Licensing of package nauty
Nauty [1] is pretty much the standard software for graph isomorphism testing, and is used by a several other pieces of research software (e.g. polymake, which I have ITPed [2]). Unfortunately from the Debian point of view, the distribution conditions are somewhat restrictive. Copyright (1984-2007) Brendan McKay. All rights reserved. Permission is hereby given for use and/or distribution with the exception of sale for profit or application with nontrivial military significance. You must not remove this copyright notice, and you must document any changes that you make to this program. This software is subject to this copyright only, irrespective of any copyright attached to any package of which this is a part. Absolutely no guarantees or warranties are made concerning the suitability, correctness, or any other aspect of this program. Any use is at your own risk. I can ask the author if would distribute under some DFSG free license, but in the case that he declines, is there any other clarification needed before it can be included in non-free? David PS no-need to CC me, I'll follow the discussion via gmane [1] http://cs.anu.edu.au/~bdm/nauty/ [2] http://bugs.debian.org/461976 -- To UNSUBSCRIBE, email to [EMAIL PROTECTED] with a subject of unsubscribe. Trouble? Contact [EMAIL PROTECTED]

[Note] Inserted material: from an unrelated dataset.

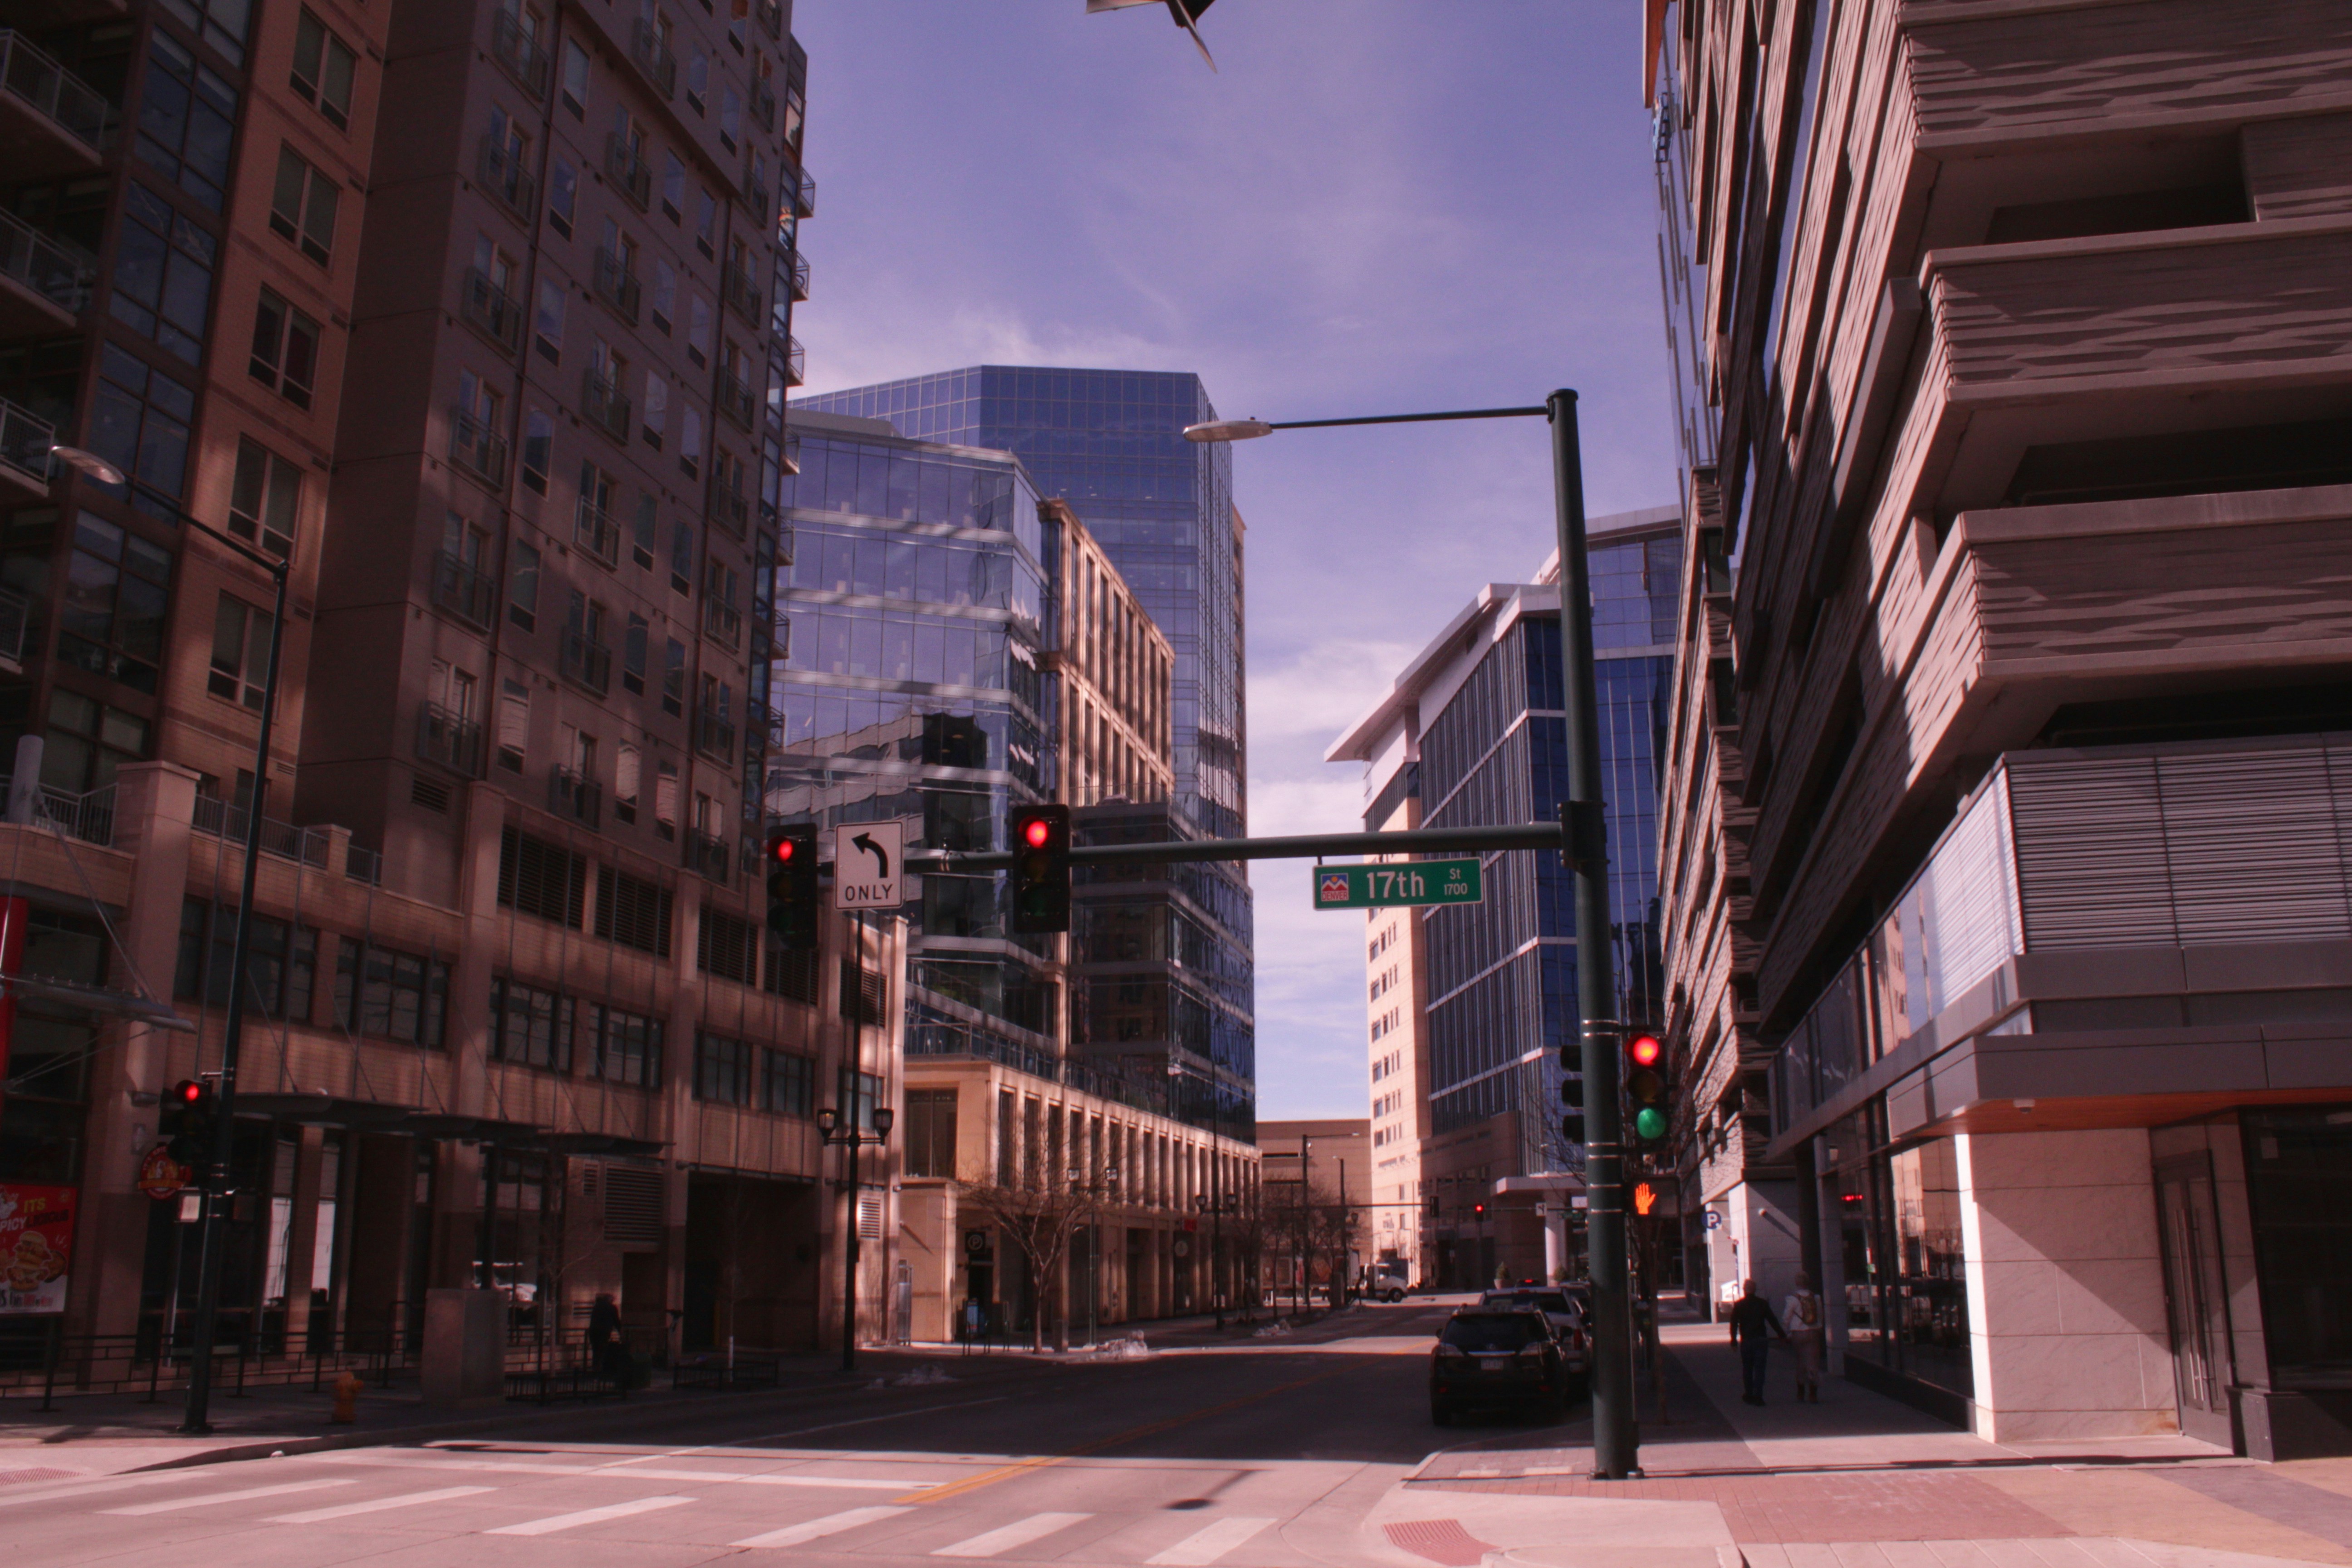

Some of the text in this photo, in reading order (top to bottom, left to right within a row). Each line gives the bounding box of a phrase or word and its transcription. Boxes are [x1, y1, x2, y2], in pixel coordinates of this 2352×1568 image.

Re: Licensing of package nauty
On Thu Jan 24 09:35, [EMAIL PROTECTED] wrote: Copyright (1984-2007) Brendan McKay. All rights reserved. Permission is hereby given for use and/or distribution with the exception of sale for profit or application with nontrivial military significance. You must not remove this copyright notice, and you must document any changes that you make to this program. This software is subject to this copyright only, irrespective of any copyright attached to any package of which this is a part. Absolutely no guarantees or warranties are made concerning the suitability, correctness, or any other aspect of this program. Any use is at your own risk. I can ask the author if would distribute under some DFSG free license, but in the case that he declines, is there any other clarification needed before it can be included in non-free? This looks like it gives us permission to distribute it in non-free if you can get it licenced under a DFSG-compatible licence. Matt -- Matthew Johnson signature.asc Description: Digital signature
Re: Licensing of package nauty
On Jan 24, 2008 8:35 AM, [EMAIL PROTECTED] wrote: Copyright (1984-2007) Brendan McKay. All rights reserved. Permission is hereby given for use and/or distribution with the exception of sale for profit or application with nontrivial military significance. This is totally non-free, alas. It does not allow for modification of the software, prohibits commercial sale (thus making it impossible to distribute as part of a Debian DVD or CD set) and contains a serious use restriction (against nontrivial military significance, whatever *that* means). You must not remove this copyright notice, and you must document any changes that you make to this program. That bit's OK. This software is subject to this copyright only, irrespective of any copyright attached to any package of which this is a part. I'm a bit unclear as to what this means. The author seems to think that the notice itself is the copyright, so when he says the subject is subject to this copyright only, I assume he means subject to this copyright *notice* only. That's probably OK, though it could cause some compatibility problems if combined with GPLed software. I can ask the author if would distribute under some DFSG free license, but in the case that he declines, is there any other clarification needed before it can be included in non-free? I don't think any clarification is needed for inclusion in non-free, assuming that the no sale for profit wording is OK for non-free. John (TINLA) -- To UNSUBSCRIBE, email to [EMAIL PROTECTED] with a subject of unsubscribe. Trouble? Contact [EMAIL PROTECTED]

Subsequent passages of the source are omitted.